Correspondence

Familial Atrial Fibrillation

N Engl J Med 1997; 337:350July 31, 1997

Article

To the Editor:

Brugada et al. (March 27 issue)1 reported the mapping of familial atrial fibrillation in three kindreds to a locus on chromosome 10q, but they did not discuss the locus on 10q for dilated cardiomyopathy with mitral-valve prolapse, which they and others have previously described.2 Supraventricular dysrhythmias and dilated cardiomyopathy often segregate within the same family, apparently as a result of variable expression of a single trait.3 Mitral-valve prolapse itself is associated with ventricular and supraventricular dysrhythmias.4 Interestingly, two of the affected family members in the study of familial atrial fibrillation had evidence of ventricular dilatation and systolic dysfunction.

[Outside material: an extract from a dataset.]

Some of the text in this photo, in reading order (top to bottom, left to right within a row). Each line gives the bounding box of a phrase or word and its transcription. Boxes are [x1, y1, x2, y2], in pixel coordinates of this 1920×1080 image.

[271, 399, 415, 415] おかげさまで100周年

Many clinical entities in cardiovascular disease are so heterogeneous that they confound investigation. It would be central to the message of this paper to know whether or not the loci for atrial fibrillation and dilated cardiomyopathy are genetically distinct. In addition, was there any clinical information — for example, from endomyocardial biopsy — to link the two phenotypes? Clinical genetics and molecular genetics offer at least some insight into the inadequacies of current nosology.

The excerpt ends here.